*** Records for processing ***

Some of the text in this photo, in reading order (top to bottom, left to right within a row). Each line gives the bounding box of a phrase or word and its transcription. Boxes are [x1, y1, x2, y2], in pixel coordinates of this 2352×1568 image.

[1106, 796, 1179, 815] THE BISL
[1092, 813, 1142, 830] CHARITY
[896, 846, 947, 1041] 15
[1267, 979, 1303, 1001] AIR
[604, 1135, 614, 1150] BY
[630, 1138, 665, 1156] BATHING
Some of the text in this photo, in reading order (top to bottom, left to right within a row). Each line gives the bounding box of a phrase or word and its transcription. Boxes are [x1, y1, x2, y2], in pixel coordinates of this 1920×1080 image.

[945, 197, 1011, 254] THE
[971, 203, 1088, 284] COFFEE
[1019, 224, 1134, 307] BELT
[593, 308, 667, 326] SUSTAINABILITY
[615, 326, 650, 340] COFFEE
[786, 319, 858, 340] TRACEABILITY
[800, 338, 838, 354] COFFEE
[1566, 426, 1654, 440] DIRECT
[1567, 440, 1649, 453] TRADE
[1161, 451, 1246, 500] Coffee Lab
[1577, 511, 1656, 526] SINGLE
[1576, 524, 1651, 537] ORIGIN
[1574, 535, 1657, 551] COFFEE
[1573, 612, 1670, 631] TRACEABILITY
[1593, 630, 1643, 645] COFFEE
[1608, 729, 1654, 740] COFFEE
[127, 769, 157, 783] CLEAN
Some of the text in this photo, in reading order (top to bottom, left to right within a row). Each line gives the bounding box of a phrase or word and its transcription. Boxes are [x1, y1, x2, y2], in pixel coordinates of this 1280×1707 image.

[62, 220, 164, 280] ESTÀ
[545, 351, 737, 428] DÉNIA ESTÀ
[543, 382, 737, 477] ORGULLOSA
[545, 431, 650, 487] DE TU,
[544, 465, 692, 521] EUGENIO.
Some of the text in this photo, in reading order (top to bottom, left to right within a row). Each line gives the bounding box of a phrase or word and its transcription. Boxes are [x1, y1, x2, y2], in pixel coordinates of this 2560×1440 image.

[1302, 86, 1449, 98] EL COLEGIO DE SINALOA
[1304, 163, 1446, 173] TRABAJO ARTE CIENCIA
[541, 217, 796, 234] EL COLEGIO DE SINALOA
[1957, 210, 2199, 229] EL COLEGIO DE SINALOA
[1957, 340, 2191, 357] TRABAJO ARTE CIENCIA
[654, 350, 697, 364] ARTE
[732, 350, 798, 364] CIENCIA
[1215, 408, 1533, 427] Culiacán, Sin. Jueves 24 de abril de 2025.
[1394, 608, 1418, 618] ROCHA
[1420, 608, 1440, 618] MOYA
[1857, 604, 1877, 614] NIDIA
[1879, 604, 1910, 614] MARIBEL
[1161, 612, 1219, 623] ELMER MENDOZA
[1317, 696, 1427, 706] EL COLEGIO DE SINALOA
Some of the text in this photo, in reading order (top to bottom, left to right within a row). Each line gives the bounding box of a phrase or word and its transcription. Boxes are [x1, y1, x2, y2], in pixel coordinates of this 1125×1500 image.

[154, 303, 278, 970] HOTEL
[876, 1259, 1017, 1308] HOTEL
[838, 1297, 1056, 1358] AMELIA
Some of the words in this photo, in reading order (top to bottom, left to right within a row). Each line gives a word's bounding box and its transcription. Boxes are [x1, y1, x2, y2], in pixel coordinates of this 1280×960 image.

*** End of Records for processing ***

▶ _Exercise aim_
Copy every entry exactly, leaving nothing out.

▶ _The answer_
Some of the text in this photo, in reading order (top to bottom, left to right within a row). Each line gives the bounding box of a phrase or word and its transcription. Boxes are [x1, y1, x2, y2], in pixel coordinates of this 2352×1568 image.

[1106, 796, 1179, 815] THE BISL
[1092, 813, 1142, 830] CHARITY
[896, 846, 947, 1041] 15
[1267, 979, 1303, 1001] AIR
[604, 1135, 614, 1150] BY
[630, 1138, 665, 1156] BATHING
Some of the text in this photo, in reading order (top to bottom, left to right within a row). Each line gives the bounding box of a phrase or word and its transcription. Boxes are [x1, y1, x2, y2], in pixel coordinates of this 1920×1080 image.

[945, 197, 1011, 254] THE
[971, 203, 1088, 284] COFFEE
[1019, 224, 1134, 307] BELT
[593, 308, 667, 326] SUSTAINABILITY
[615, 326, 650, 340] COFFEE
[786, 319, 858, 340] TRACEABILITY
[800, 338, 838, 354] COFFEE
[1566, 426, 1654, 440] DIRECT
[1567, 440, 1649, 453] TRADE
[1161, 451, 1246, 500] Coffee Lab
[1577, 511, 1656, 526] SINGLE
[1576, 524, 1651, 537] ORIGIN
[1574, 535, 1657, 551] COFFEE
[1573, 612, 1670, 631] TRACEABILITY
[1593, 630, 1643, 645] COFFEE
[1608, 729, 1654, 740] COFFEE
[127, 769, 157, 783] CLEAN
Some of the text in this photo, in reading order (top to bottom, left to right within a row). Each line gives the bounding box of a phrase or word and its transcription. Boxes are [x1, y1, x2, y2], in pixel coordinates of this 1280×1707 image.

[62, 220, 164, 280] ESTÀ
[545, 351, 737, 428] DÉNIA ESTÀ
[543, 382, 737, 477] ORGULLOSA
[545, 431, 650, 487] DE TU,
[544, 465, 692, 521] EUGENIO.
Some of the text in this photo, in reading order (top to bottom, left to right within a row). Each line gives the bounding box of a phrase or word and its transcription. Boxes are [x1, y1, x2, y2], in pixel coordinates of this 2560×1440 image.

[1302, 86, 1449, 98] EL COLEGIO DE SINALOA
[1304, 163, 1446, 173] TRABAJO ARTE CIENCIA
[541, 217, 796, 234] EL COLEGIO DE SINALOA
[1957, 210, 2199, 229] EL COLEGIO DE SINALOA
[1957, 340, 2191, 357] TRABAJO ARTE CIENCIA
[654, 350, 697, 364] ARTE
[732, 350, 798, 364] CIENCIA
[1215, 408, 1533, 427] Culiacán, Sin. Jueves 24 de abril de 2025.
[1394, 608, 1418, 618] ROCHA
[1420, 608, 1440, 618] MOYA
[1857, 604, 1877, 614] NIDIA
[1879, 604, 1910, 614] MARIBEL
[1161, 612, 1219, 623] ELMER MENDOZA
[1317, 696, 1427, 706] EL COLEGIO DE SINALOA
Some of the text in this photo, in reading order (top to bottom, left to right within a row). Each line gives the bounding box of a phrase or word and its transcription. Boxes are [x1, y1, x2, y2], in pixel coordinates of this 1125×1500 image.

[154, 303, 278, 970] HOTEL
[876, 1259, 1017, 1308] HOTEL
[838, 1297, 1056, 1358] AMELIA
Some of the words in this photo, in reading order (top to bottom, left to right within a row). Each line gives a word's bounding box and its transcription. Boxes are [x1, y1, x2, y2], in pixel coordinates of this 1280×960 image.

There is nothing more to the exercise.